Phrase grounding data

+ + + + +

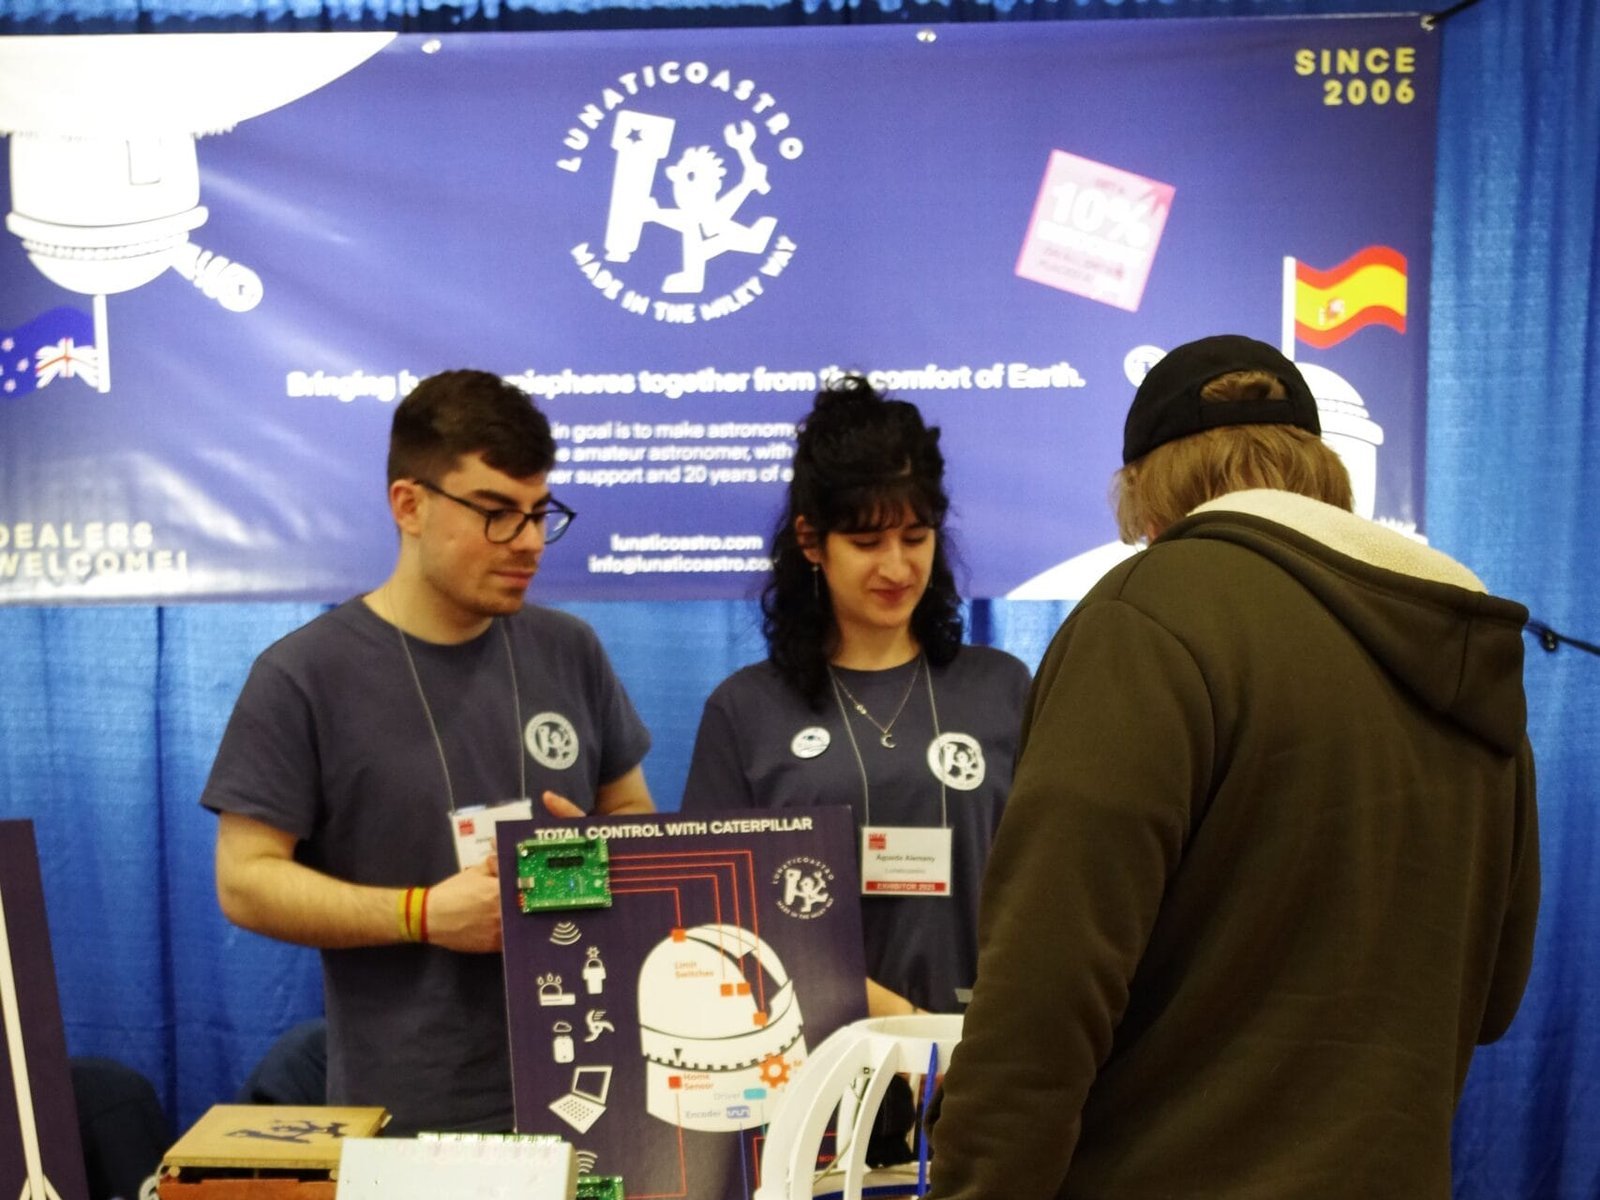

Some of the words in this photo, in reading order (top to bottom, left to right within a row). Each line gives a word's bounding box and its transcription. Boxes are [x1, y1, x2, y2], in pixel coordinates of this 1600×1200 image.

[1294, 47, 1416, 76] SINCE
[1323, 78, 1415, 105] 2006
[556, 61, 803, 172] LUNATICOASTRO
[621, 290, 650, 315] IN
[654, 301, 696, 324] THE
[638, 367, 750, 399] together
[754, 366, 816, 391] from
[867, 365, 973, 391] comfort
[975, 363, 1004, 390] of
[1007, 362, 1086, 388] Earth.
[572, 420, 612, 443] goal
[614, 421, 631, 438] is
[633, 422, 652, 438] to
[654, 420, 705, 438] make
[572, 445, 648, 462] amateur
[575, 467, 643, 487] support
[646, 466, 681, 484] and
[683, 465, 707, 483] 20
[709, 467, 757, 487] years
[760, 464, 779, 483] of
[0, 521, 153, 549] DEALERS
[611, 533, 763, 552] lunaticoastro.com
[588, 554, 776, 574] info@lunaticoastro.co
[585, 822, 664, 841] CONTROL
[666, 820, 708, 837] WITH
[710, 816, 814, 835] CATERPILLAR

+ + + + +

| What the exercise asks |
Transcribe every entry exactly. Leave out the pictures.

| Exercise output |
Some of the words in this photo, in reading order (top to bottom, left to right within a row). Each line gives a word's bounding box and its transcription. Boxes are [x1, y1, x2, y2], in pixel coordinates of this 1600×1200 image.

[1294, 47, 1416, 76] SINCE
[1323, 78, 1415, 105] 2006
[556, 61, 803, 172] LUNATICOASTRO
[621, 290, 650, 315] IN
[654, 301, 696, 324] THE
[638, 367, 750, 399] together
[754, 366, 816, 391] from
[867, 365, 973, 391] comfort
[975, 363, 1004, 390] of
[1007, 362, 1086, 388] Earth.
[572, 420, 612, 443] goal
[614, 421, 631, 438] is
[633, 422, 652, 438] to
[654, 420, 705, 438] make
[572, 445, 648, 462] amateur
[575, 467, 643, 487] support
[646, 466, 681, 484] and
[683, 465, 707, 483] 20
[709, 467, 757, 487] years
[760, 464, 779, 483] of
[0, 521, 153, 549] DEALERS
[611, 533, 763, 552] lunaticoastro.com
[588, 554, 776, 574] info@lunaticoastro.co
[585, 822, 664, 841] CONTROL
[666, 820, 708, 837] WITH
[710, 816, 814, 835] CATERPILLAR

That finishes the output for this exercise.